Прежде, чем отправиться к божьему одуванчику, пересказывать детектив, я отвел его в один отдел, где работали мои отличные приятели и оставил там под наблюдением научного сотрудника Александра Львовича, - алгебраиста, и душевного человека. Я сказал ему, что Платон порядочный человек, правда с небольшими странностями. Александр Львович кивнул головой, указал на свободный стол, где можно было посидеть, и углубился в размышления. Я убежал охмурять божьего одуванчика. Но в этот раз передо мной стояла задача потруднее, чем просто пересказать пару страниц текста. Этой пары страниц я не прочитал по милости Платона.
Но положение обязывало, я не мог разочаровать добрейшую преподавательницу. И, конечно, начал нести околесицу, приправленную детективными мотивами. Божий одуванчик развесила свои маленькие ушки и слушала очень внимательно, другие аспиранты выражали искреннее восхищение, как я в непростой ситуации выкручивался, подменяя одного злодея другим, а неутешную вдовицу юной особой. В конце выступления я сорвал аплодисменты зала, и выслушал комплимент преподавательницы.
- А что будет дальше, я расскажу на следующем занятии.
Наступило время перерыва, я помчался к Александру Львовичу, чтобы удостовериться, что все живы, Платон не пострадал и не нанес вреда тишайшему научному сотруднику. Открыв дверь, я отпрянул, вначале подумав, что попал не туда. Потом понял, что туда, но что такое! Платон стоял перед доской и развивал какую-то алгебраическую теорию, а в комнате сидело никак не меньше десяти человек, которые раскрыв рты, с восхищением слушали докладчика. Перед Платоном на столе стояла бутылка минеральной воды и тарелка с фруктами и бутербродами. Держа в одной руке мел, в другой попеременно оказывался то бутерброд, то яблоко, он делал настоящий научный доклад. Причем, судя по внимательным слушателям, делал виртуозно. На меня зашикали, и я быстро ретировался. Оставался еще час занятий, где мы разбирали конструкции английского языка, типичные для технических текстов. Наконец и этот час прошел, и я опять помчался на второй этаж.
Платона обступила толпа научных сотрудников, все задавали вопросы. Платон с улыбкой всем отвечал и, казалось, был окончательно доволен складывающейся судьбой. Быть может, он уже раздумал связываться со своей прапрапрабабушкой в Твери, и становиться учителем алгебры в детском саду. Как знать, чем бы завершилась мое знакомство с Платоном, но все повернулось весьма неожиданно.
В комнату вошли трое крепких мужчин атлетического сложения в белых халатах, под которым явно угадывались погоны ничуть не меньше полковничьих.
Со словами: «А вот и наш беглец», делая ударение на слове наш, они приблизились к Платону, который как-то сник, не доев груши.
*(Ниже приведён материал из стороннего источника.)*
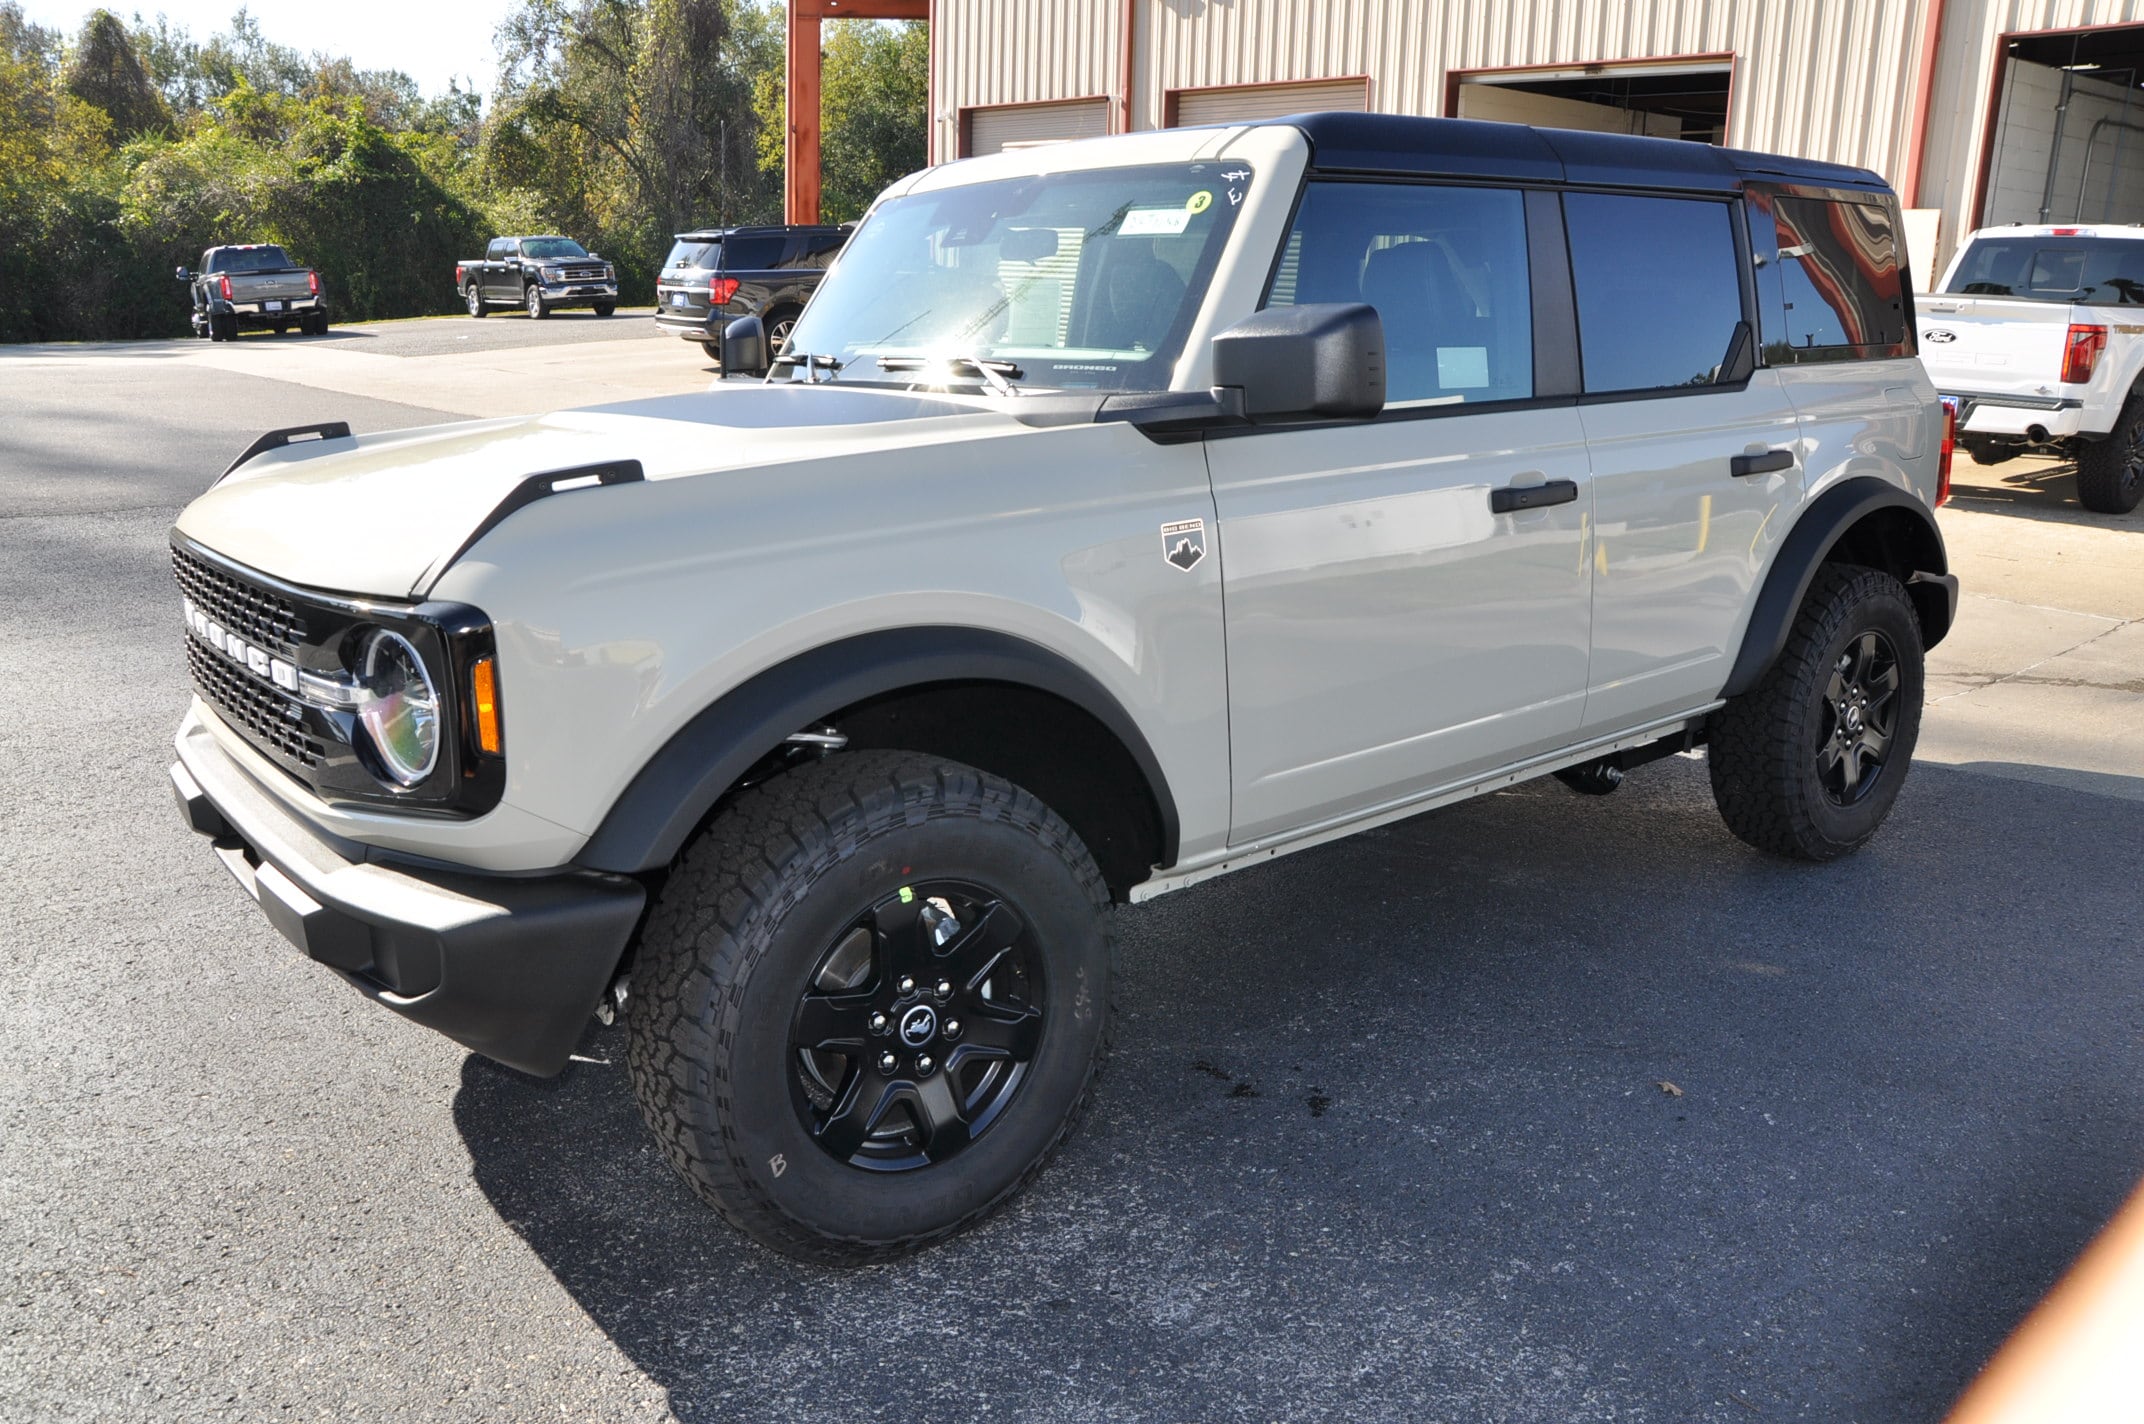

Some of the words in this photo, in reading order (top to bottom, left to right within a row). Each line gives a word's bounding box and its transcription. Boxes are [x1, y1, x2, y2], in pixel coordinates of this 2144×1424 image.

[1194, 195, 1206, 208] 3
[1052, 364, 1117, 372] BRONCO
[1179, 521, 1201, 531] BEND
Судя по всему, за триста лет эта служба, которая и опасна, и трудна, никак не изменила типажа своих сотрудников. И Платону приходилось с ними встречаться, даже на своей далекой космической орбите. А ведь он так рассчитывал на гостеприимство русских!
Весело похлопав по плечу, они решительно подтолкнули его к выходу. И он поплелся, понимая, что с этой службой не спорят.
Прошло много лет после этого случая, но мне до сих пор непонятно, как органы столь быстро узнали про Платона. Вот и размышляй после всего этого, кто твой друг, а кто – враг.
Платона я больше не встречал, но Александр Львович иногда пересказывал интересные публикации неизвестного ранее автора, которые были подписаны Сократ.